When determining how to divide student loans during divorce, courts consider several factors, including:

  • Purpose of the loan: If the education primarily benefited the marriage (e.g., improved earning potential that supported the family), the debt may be considered marital.
  • When the loan was taken out: Debts incurred during the marriage are more likely to be shared. (Banton v. Parker-Banton, 756 So. 2d 155, the court highlighted the importance of properly categorizing loans as marital or nonmarital based on when they were incurred and their purpose.)
  • Other factors influencing the division of student loan debt include the economic circumstances of the parties, the duration of the marriage. (For instance, in Dunkel v. Dunkel, 358 So. 3d 806, the court found that a consolidated student loan for the benefit of the parties’ children was a marital debt and required joint responsibility for repayment.)

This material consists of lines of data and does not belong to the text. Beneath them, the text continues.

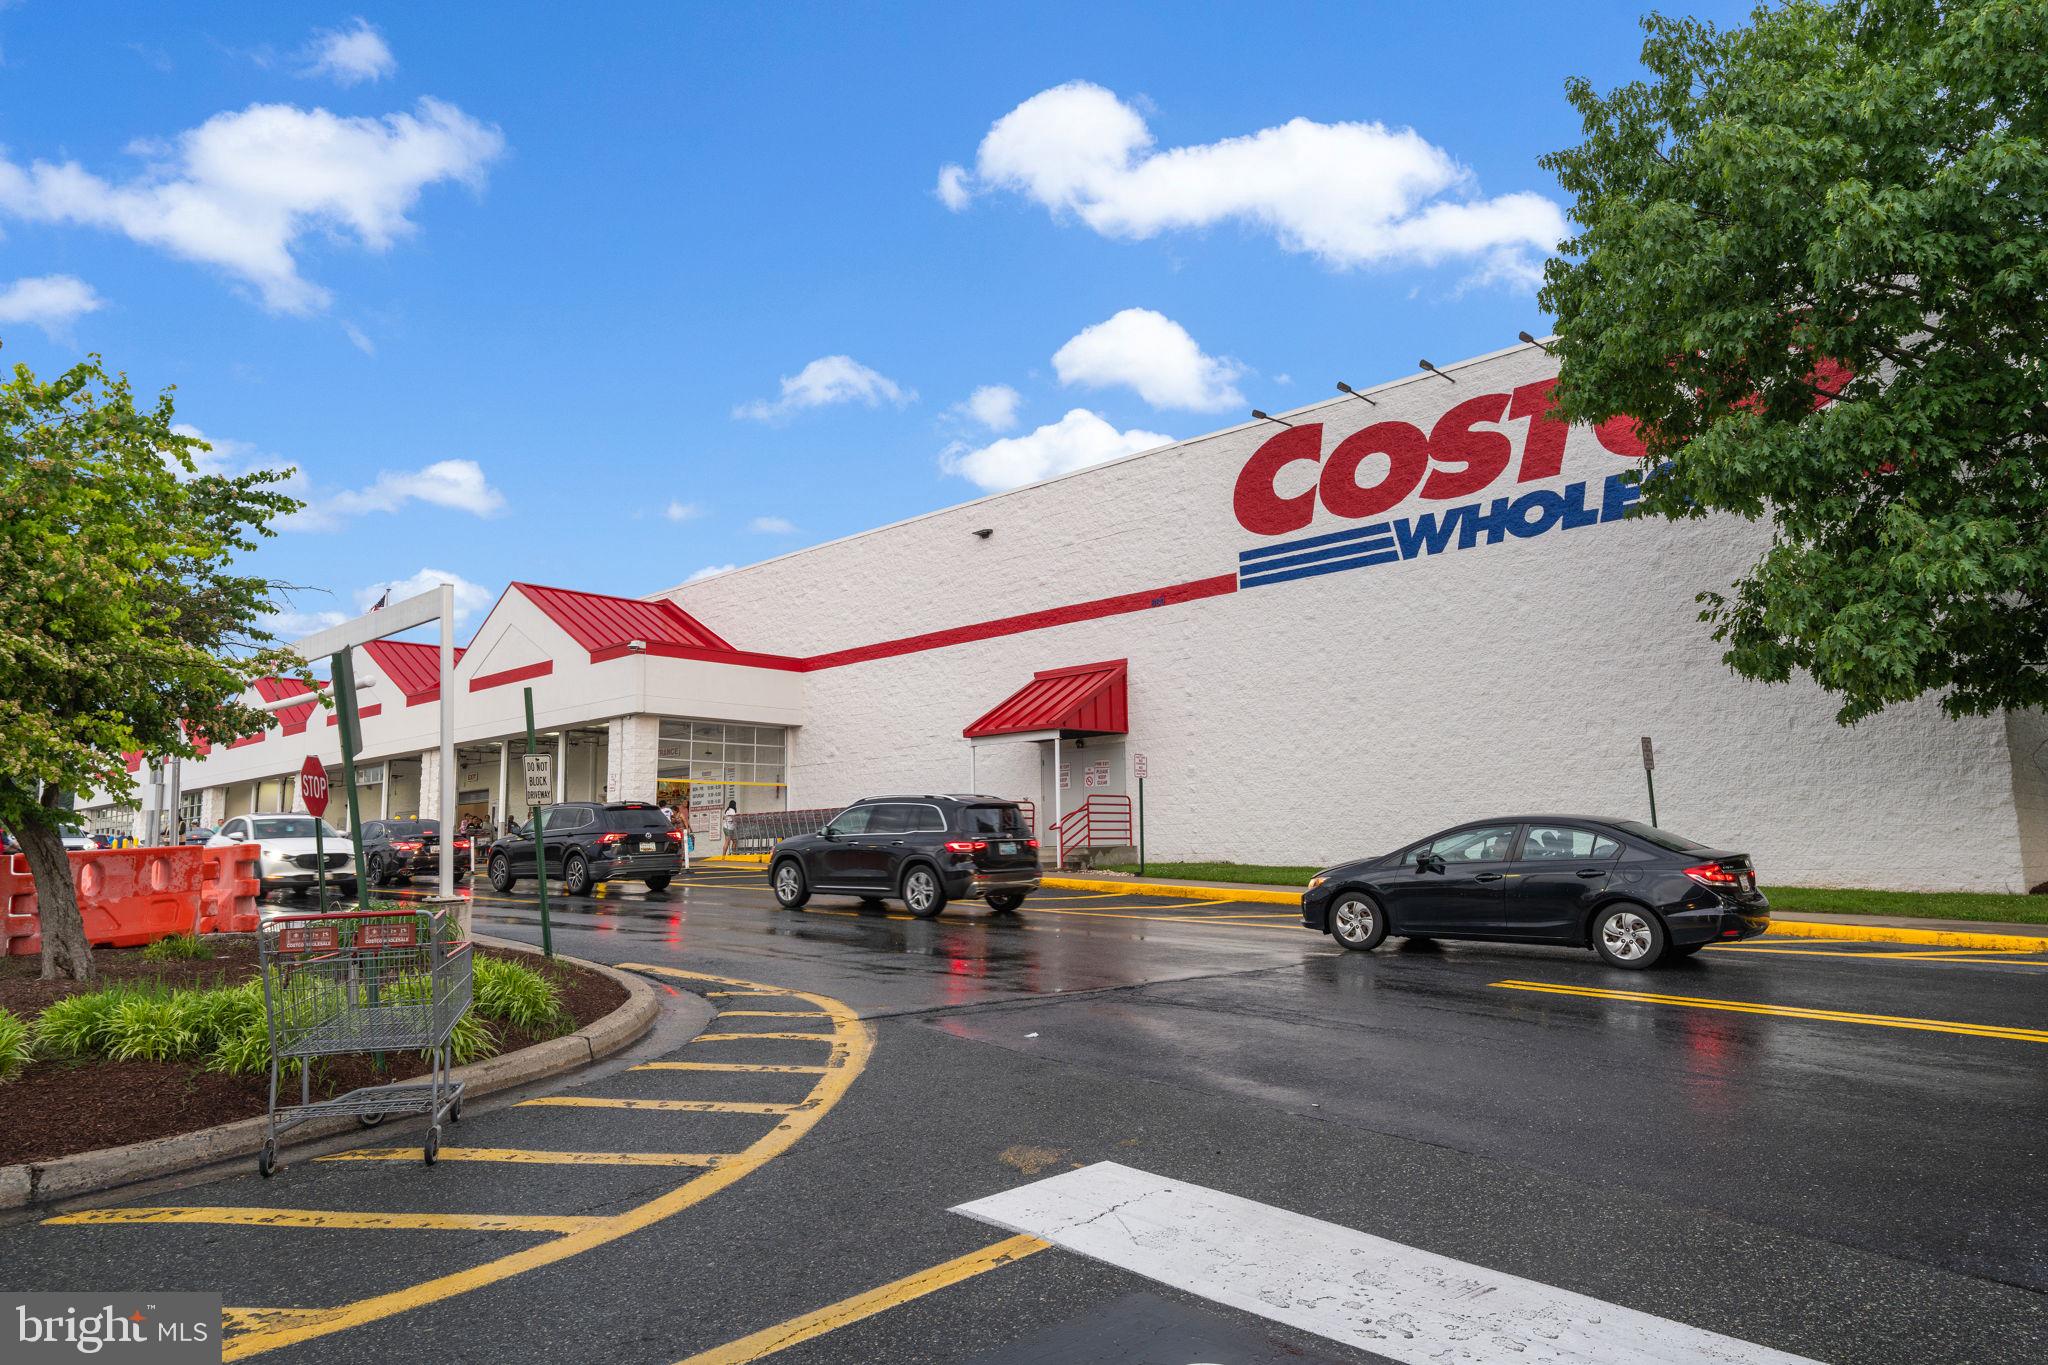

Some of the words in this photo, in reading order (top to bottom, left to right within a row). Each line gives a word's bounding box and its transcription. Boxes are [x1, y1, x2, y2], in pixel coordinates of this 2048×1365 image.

[527, 761, 535, 772] DO
[536, 761, 548, 772] NOT
[302, 774, 327, 799] STOP
[529, 776, 548, 787] BLOCK
[527, 790, 551, 800] DRIVEWAY
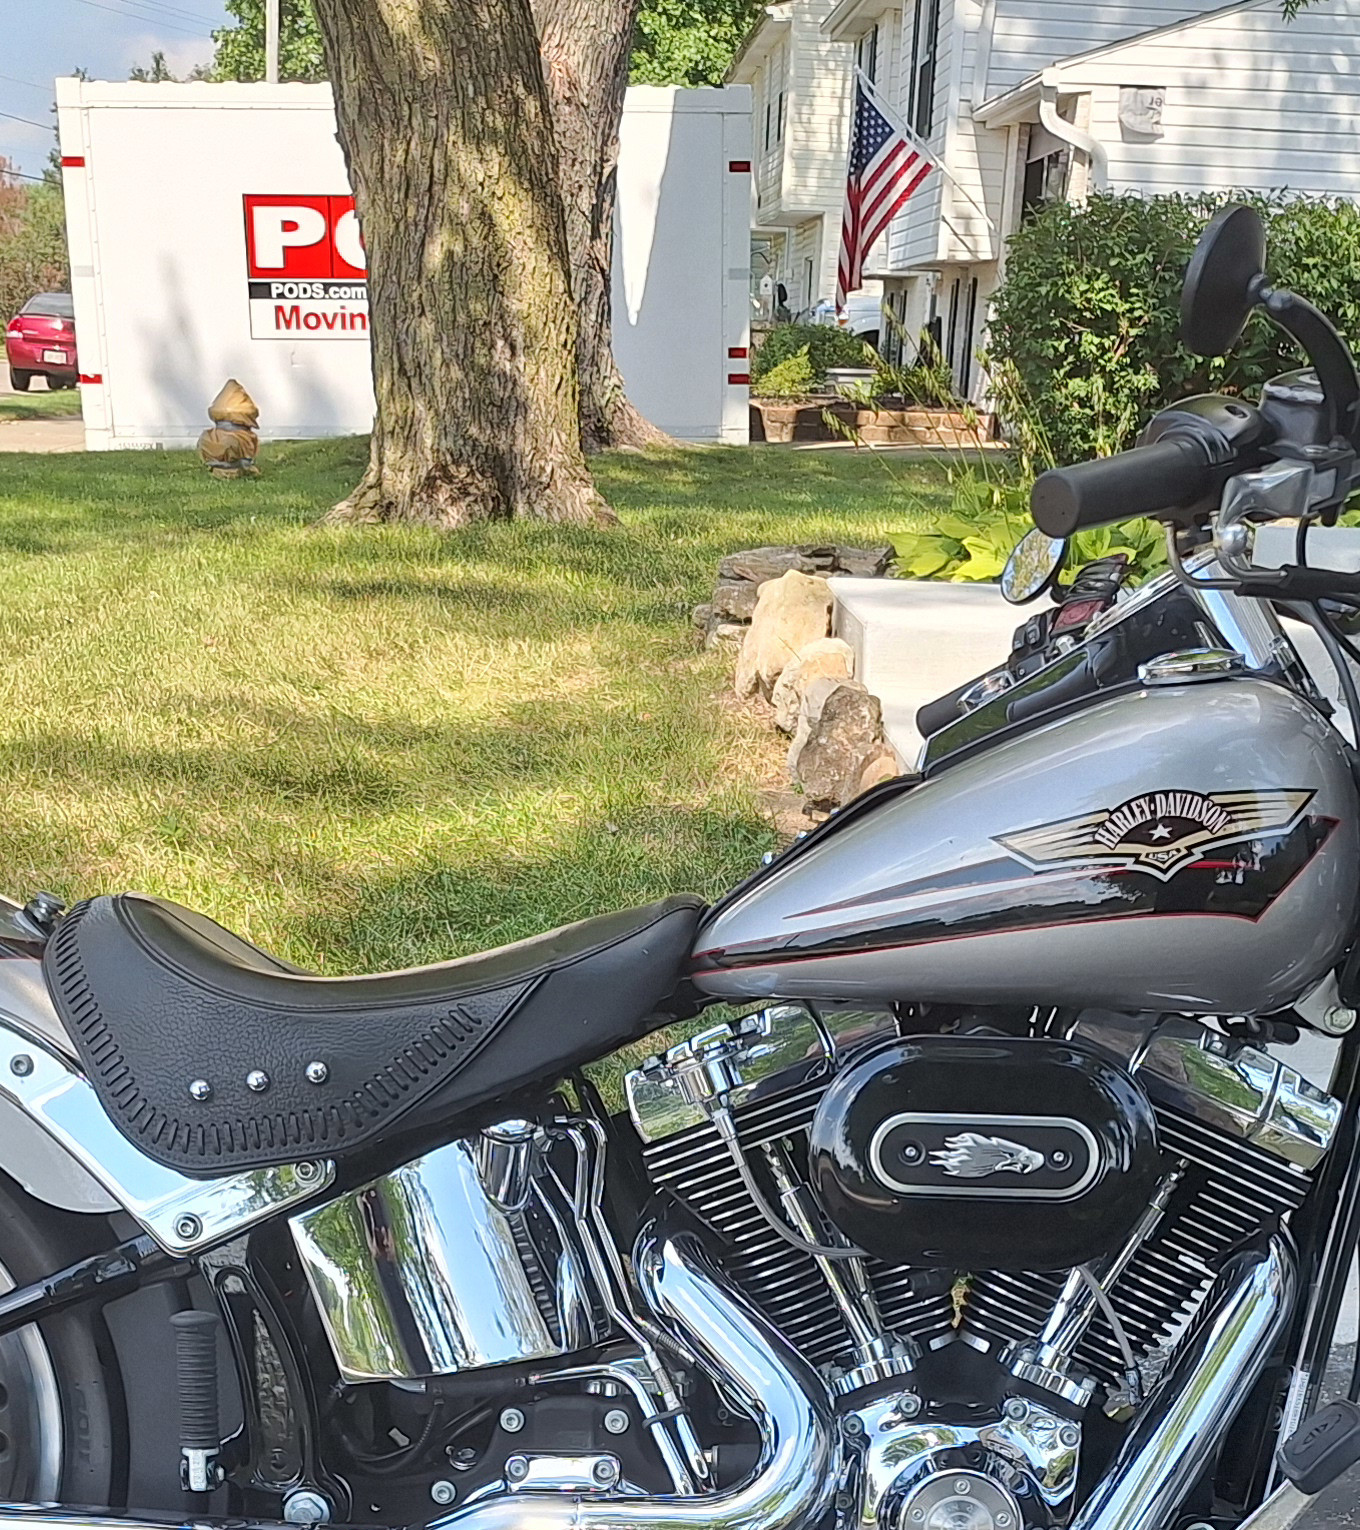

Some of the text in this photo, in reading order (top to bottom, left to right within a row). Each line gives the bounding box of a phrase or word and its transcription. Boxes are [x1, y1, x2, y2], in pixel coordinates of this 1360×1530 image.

[271, 283, 367, 298] PODS.com
[274, 305, 369, 330] Movin
[1148, 848, 1181, 862] USA
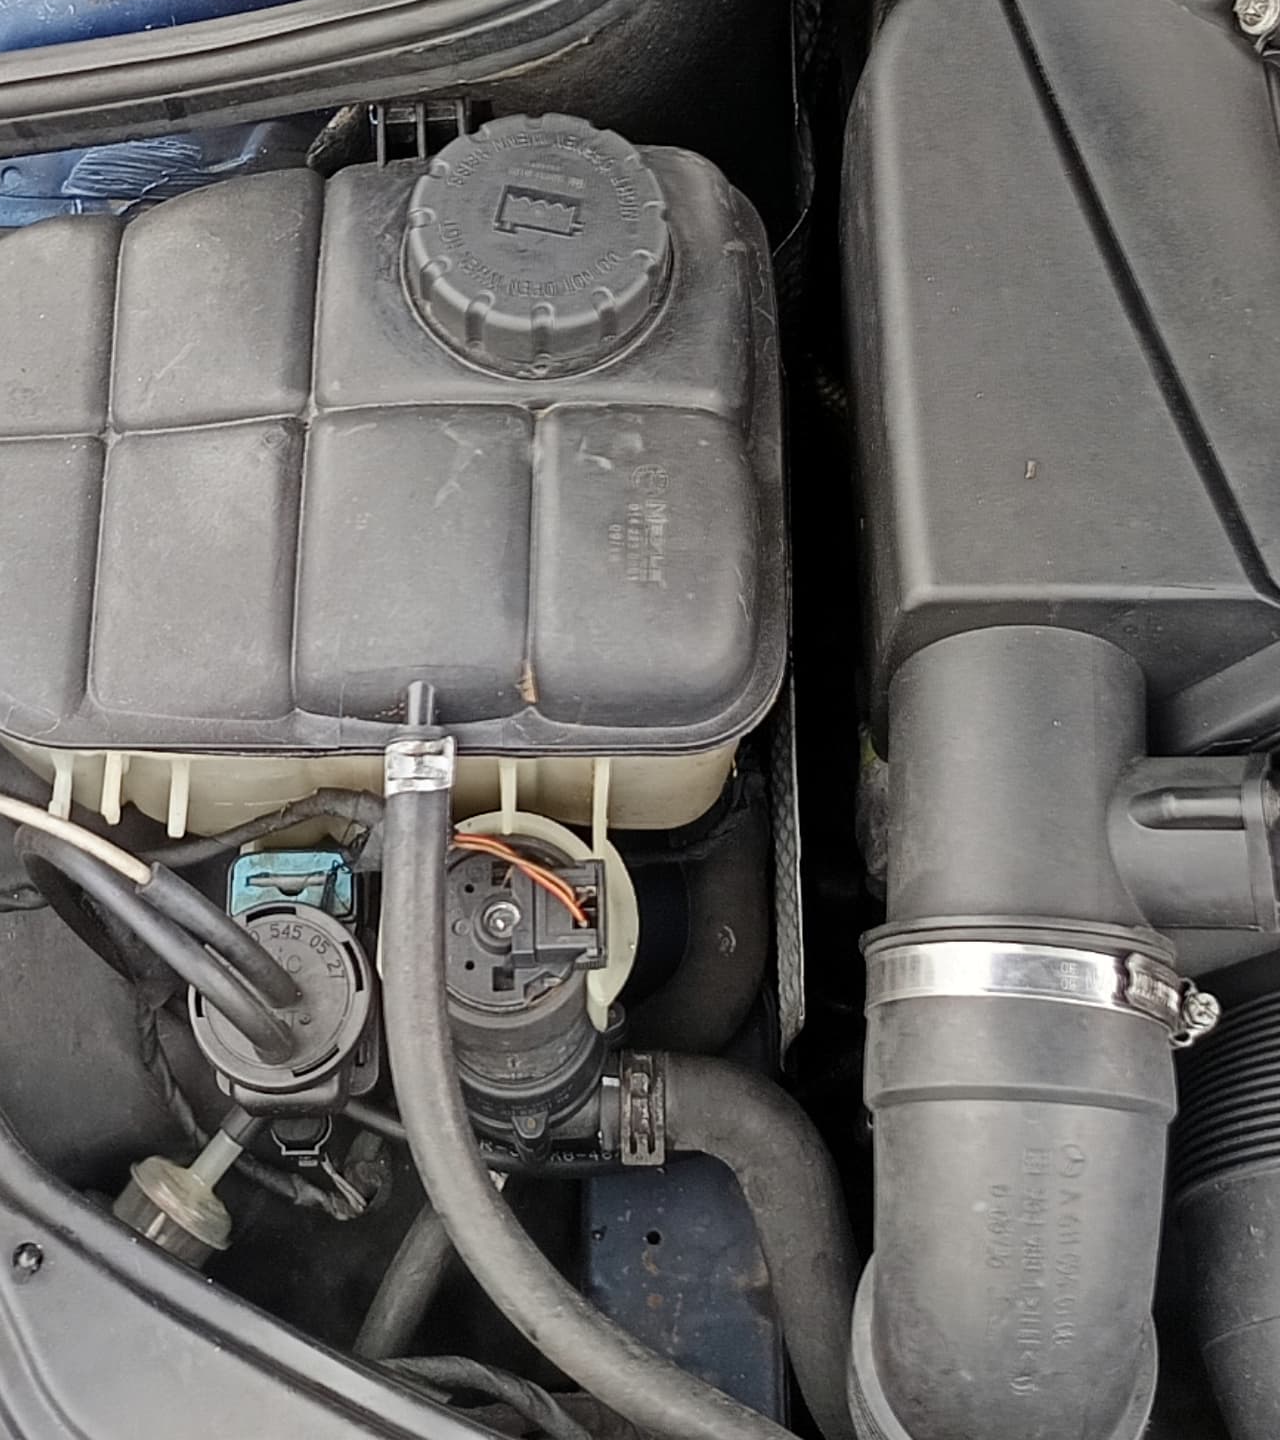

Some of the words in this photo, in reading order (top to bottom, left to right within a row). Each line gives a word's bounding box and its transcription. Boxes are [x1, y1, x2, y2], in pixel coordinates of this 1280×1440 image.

Florida law also requires courts to consider the overall equitable distribution scheme, including the contributions of each spouse to the marriage, interruptions to careers or education, and the financial needs of the parties, as outlined in Fla. Stat. § 61.075. These factors ensure that the division of student loan debt aligns with principles of equity and fairness.

Student Loans and Professional Degrees in Divorce

Florida does not treat a professional degree as marital property. You cannot divide the “value” of a law degree or medical license. However, the earning capacity resulting from that degree may influence alimony decisions under Fla. Stat. §61.08.

Student Loans Co-Signed by a Spouse

If one spouse co-signed a student loan, that individual may remain liable for repayment regardless of divorce. Courts generally lack authority to alter third-party contractual obligations between a lender and a borrower or co-signer.

Negotiating Student Loan Division in a Marital Settlement Agreement

Couples can proactively resolve student loans during divorce through a Marital Settlement Agreement (MSA). This is often preferable to leaving the decision to the court. An MSA can specify:

  • Who is responsible for specific student loans
  • Whether one spouse will reimburse the other
  • How to allocate payments going forward

Common Mistakes in Student Loan Division

  • Assuming debt follows the borrower: Marital timing matters more than whose name is on the loan.
  • Ignoring tax consequences: Forgiven student loan debt may trigger taxable income, depending on federal policy changes.
  • Not addressing co-signed loans: These can remain a joint obligation after divorce.

What Florida Courts Look for When Dividing Student Loans

Courts look for evidence showing whether the loan served a marital purpose. Useful evidence includes:

  • Loan documents
  • Tuition receipts and transcripts
  • Evidence of how the degree impacted household income

Miami-Specific Considerations for Student Loan Division

In Miami-Dade County, judges are familiar with high student loan burdens, especially from private law schools, medical schools, and professional programs at institutions like the University of Miami and FIU. Judges often scrutinize whether the education primarily advanced the family’s well-being or was a personal benefit.


FAQs

Are student loans always considered marital debt in Florida?

No. Only loans taken out during the marriage are typically considered marital debt. Pre-marital student loans remain the responsibility of the spouse who incurred them.

Can student loans affect alimony in Florida?

Yes. If one spouse is burdened with significant student loan debt and limited income, it may influence the court’s alimony determination under Fla. Stat. §61.08.

What if my spouse co-signed my student loan?

Even if your spouse co-signed the loan, the court generally cannot relieve them of the obligation to the lender. However, an MSA can provide indemnification or reimbursement terms between spouses.

What happens if my ex-spouse doesn’t pay the student loan assigned to them?

If your ex fails to pay a loan the court assigned to them, creditors may still pursue both parties (if jointly liable). You can return to court for enforcement, including contempt or reimbursement.